Het Sand-Lot Incident

Het San Francisco oproer van 1877, ook wel het “Sand-Lot Incident” genoemd, was een tweedaagse pogrom tegen Chinese immigranten in San Francisco, Californië, die van de avond van 23 juli tot de nacht van 24 juli 1877 werd gevoerd door de in meerderheid blanke bevolking van de stad. Het etnische geweld dat Chinatown teisterde, leidde tot dood en verderf.

Het oproer was geïnspireerd door Denis Kearney, die de Workingmen’s Party of California oprichtte. De partij richtte zich in het bijzonder tegen Chinese immigrantenarbeiders en de Central Pacific Railroad, die hen tewerkstelde. De beroemde slogan was: “De Chinezen moeten weg!” Kearney’s aanvallen op de Chinezen waren van een bijzonder virulente en openlijk racistische aard, en vonden aanzienlijke steun onder de blanke Californiërs van die tijd. Dit sentiment leidde uiteindelijk tot de Chinese Exclusion Act van 1882.

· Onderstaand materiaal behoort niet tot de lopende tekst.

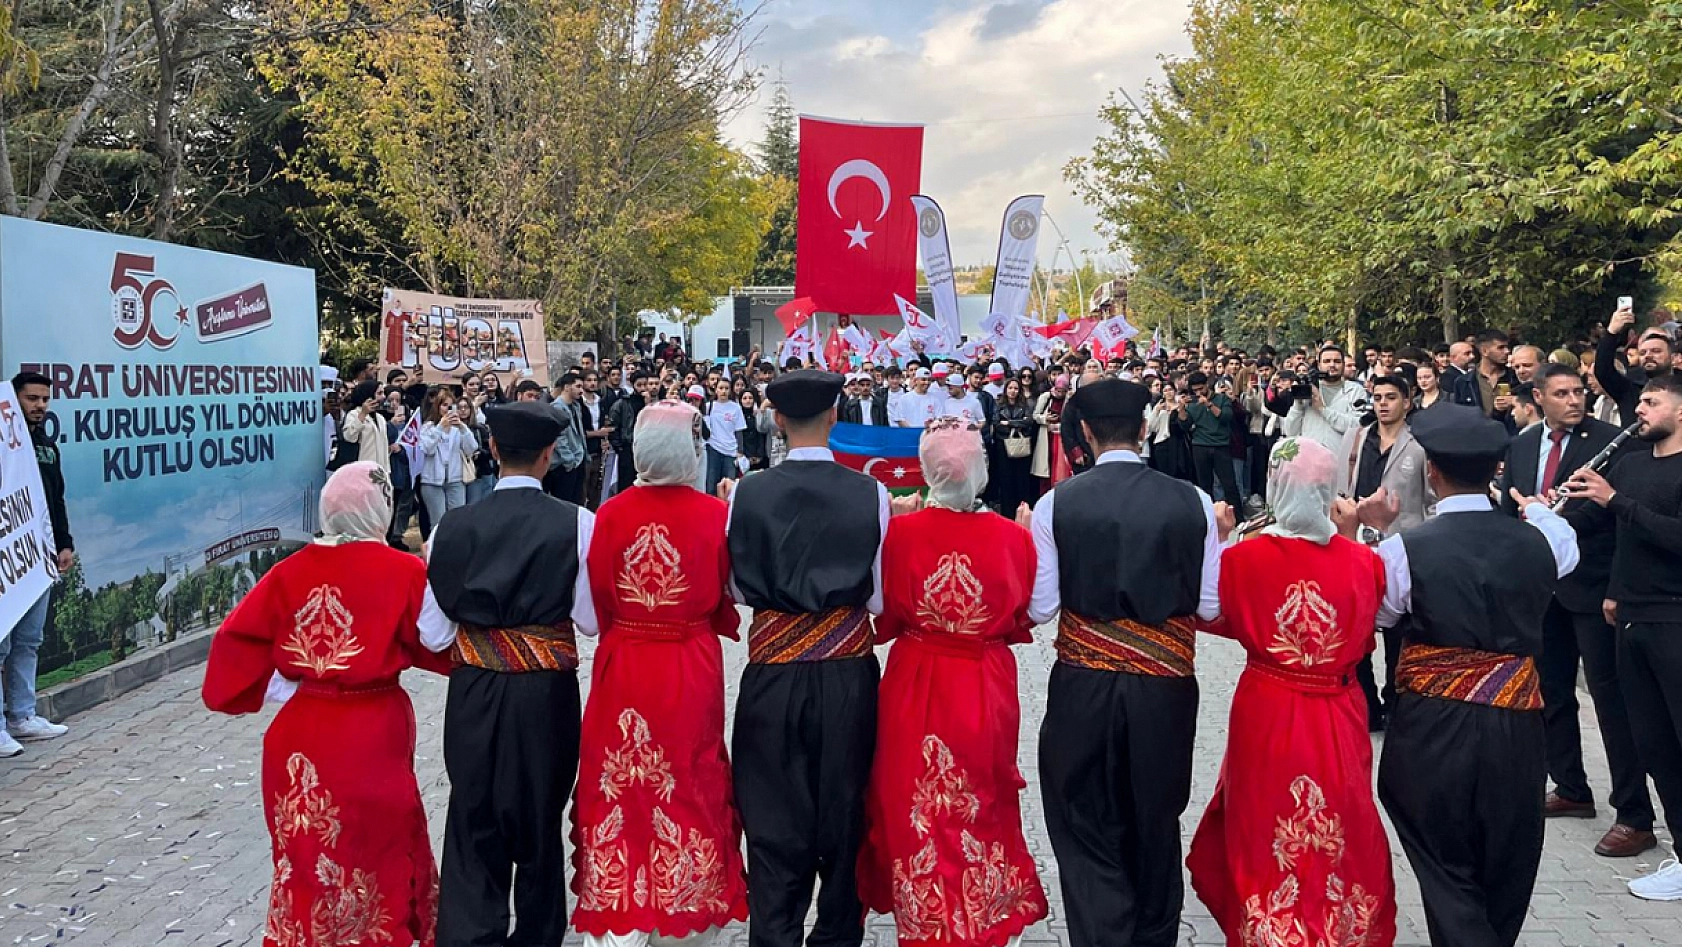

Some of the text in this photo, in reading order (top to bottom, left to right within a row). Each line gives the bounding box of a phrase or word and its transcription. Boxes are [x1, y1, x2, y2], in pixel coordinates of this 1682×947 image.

[122, 364, 316, 397] ÜNİVERSİTESİNİN
[75, 405, 195, 442] KURULUŞ
[200, 403, 234, 432] YIL
[238, 396, 316, 428] DÖNÜMÜ
[103, 440, 193, 483] KUTLU
[199, 433, 274, 469] OLSUN

Op de avond van 23 juli 1877 werd door de Workingmen’s Party of the United States een bijeenkomst belegd om te ageren voor de behoeften van de arbeidersbeweging en die van de werkloze arbeiders in het bijzonder. Bijna 8.000 mensen kwamen opdagen voor de socialistische bijeenkomst op de zogenaamde “sand-lots” voor het stadhuis. Verschillende vertegenwoordigers van de Arbeiderspartij spraken de menigte toe over de arbeiderskwestie, maar geen van hen noemde ook maar de Chinese bevolking van de stad, laat staan dat ze probeerden hen de schuld van het werkloosheidsprobleem in de schoenen te schuiven.

Historicus Selig Perlman verhaalt over het ontstaan van het oproer dat volgde:

Alles verliep ordelijk totdat een anti-coolie optocht het publiek binnendrong en erop stond dat de sprekers iets over de Chinezen zouden zeggen. Dit werd geweigerd, waarna de menigte die zich aan de rand van de bijeenkomst had verzameld een passerende Chinees aanviel en de kreet ‘Op naar Chinatown’ slaakte.

Het gevolg was een twee dagen durende rel die vier levens eiste en voor meer dan $100.000 aan materiële schade aanrichtte aan de Chinese immigrantenbevolking van de stad. Twintig Chinese wasserijen werden tijdens het geweld vernield en de Chinese Methodist Mission in San Francisco kreeg te maken met vernield glas toen de menigte deze met stenen bekogelde.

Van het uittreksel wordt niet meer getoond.